Nach so viel Kneten, Ausrollen, Ausstechen und Verzieren bin ich ganz aufgedreht, frage mich, wie die fertigen Plätzchen meinen Lieben wohl schmecken werden, und freue mich auf die spätere wohlverdiente Nachtruhe. Da erklingt auch schon eine leicht bedrohlich anmutende Hintergrundmusik, und eine Stimme redet mir ein: „Abend für Abend versuchen Millionen von Menschen, erholsamen Schlaf zu finden. Vertrauen Sie besser […] Hoggar Night“. Allein der Name erweckt in mir Bilder von Geistern und Gnomen, die mich daran hindern, einzuschlafen.

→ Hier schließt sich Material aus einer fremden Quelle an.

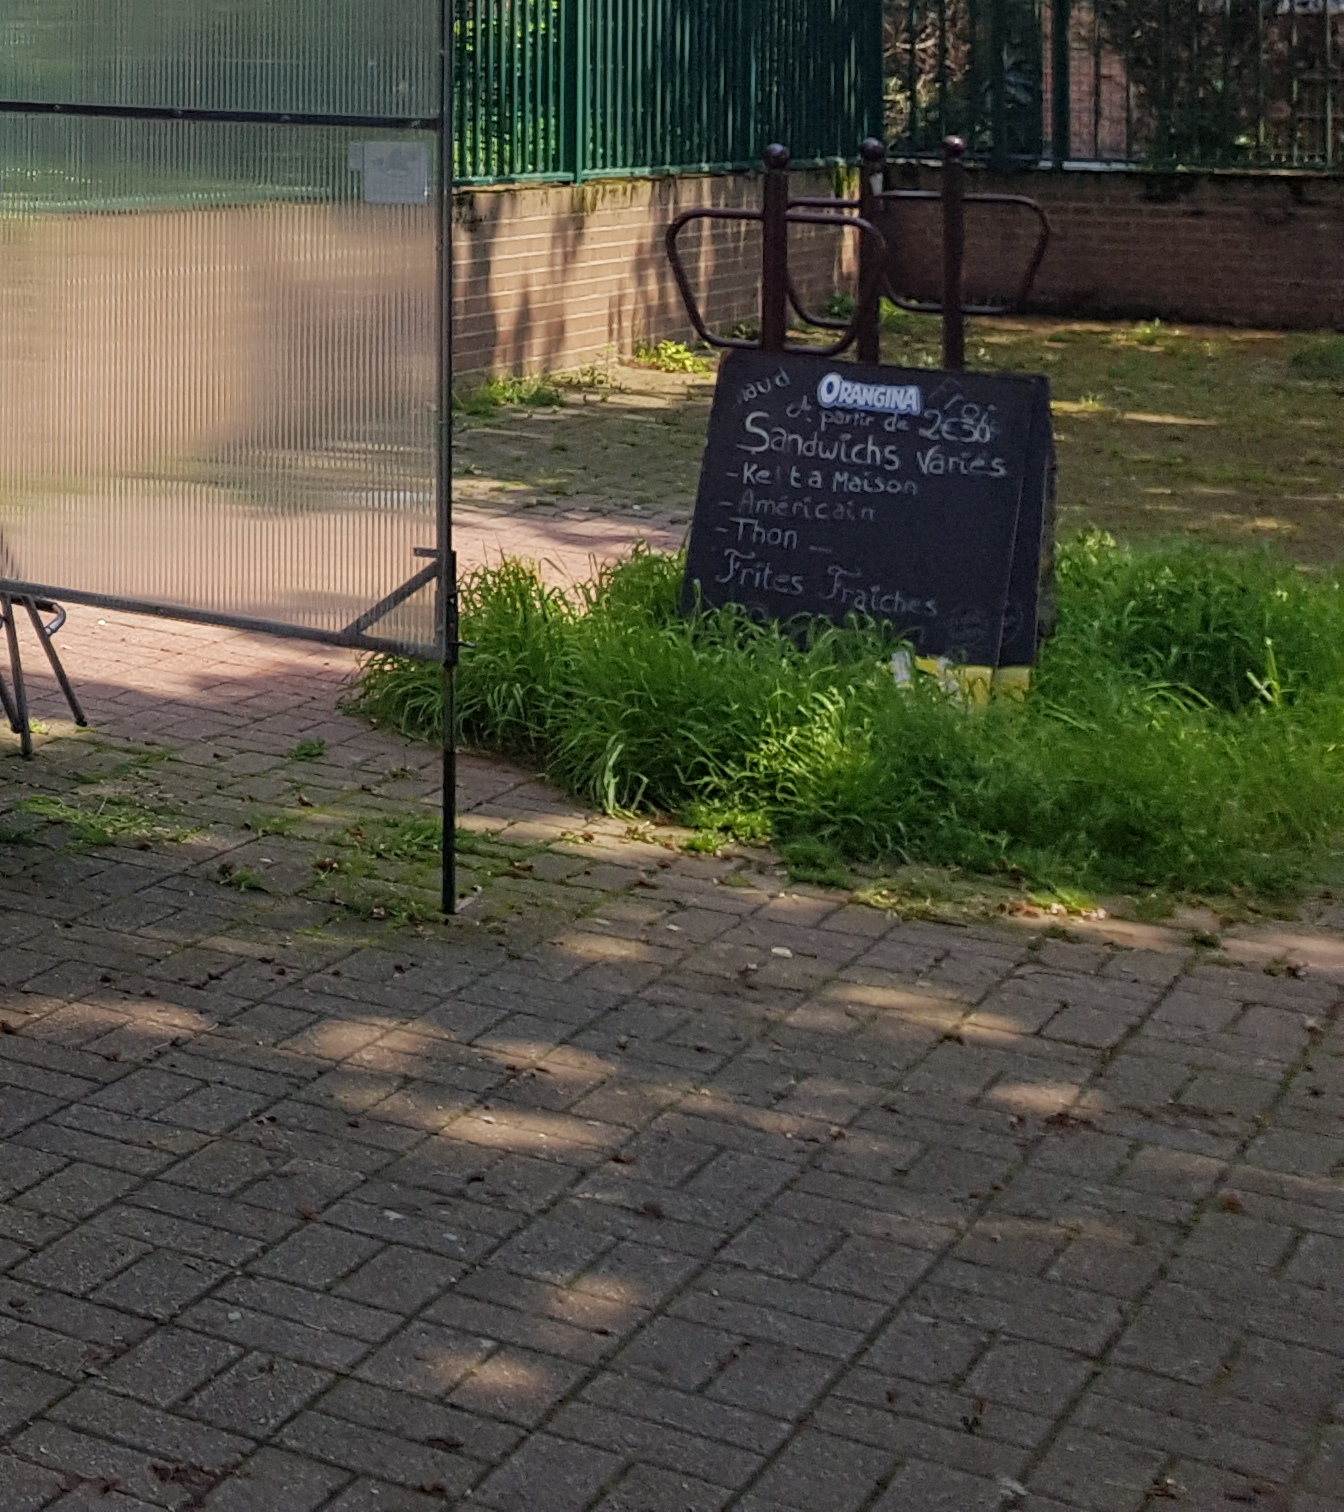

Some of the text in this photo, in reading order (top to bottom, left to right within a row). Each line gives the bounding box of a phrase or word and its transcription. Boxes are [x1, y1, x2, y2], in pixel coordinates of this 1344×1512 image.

Doch was ist das? Spüre ich da etwa die ersten Anzeichen einer Erkältung? Ah, zum Glück sagt die fürsorgliche Stimme aus dem Fernsehkasten, dass mein erkältetes Ich mit BoxaGrippal keine Chance hat – ab in die Tonne damit, morgen bin ich wieder fit!

Schließlich bekomme ich noch die tägliche Ration Actimel empfohlen: Mit seinen Joghurtkulturen ist es doch bestimmt auch gut für den Darm, oder? Dann bräuchte ich doch das Kidjimea Dingsda nicht … Und es stärkt das Immunsystem, so dass ich auch das Erkältungsmittel nicht bräuchte. Mhh, soll ich nun zur Apotheke fahren oder nicht? Unruhe tut sich auf – fehlt jetzt etwa dieses Neurexan, das ganz zum Schluss als i-Tüpfelchen angepriesen wurde?

Nach reiflicher Überlegung mache ich mir einen Glühwein heiß und probiere meine Plätzchen – natürlich sitze ich dabei auf der Couch, Filou direkt neben mir. Der macht solche frei verkäuflichen Mittelchen komplett überflüssig.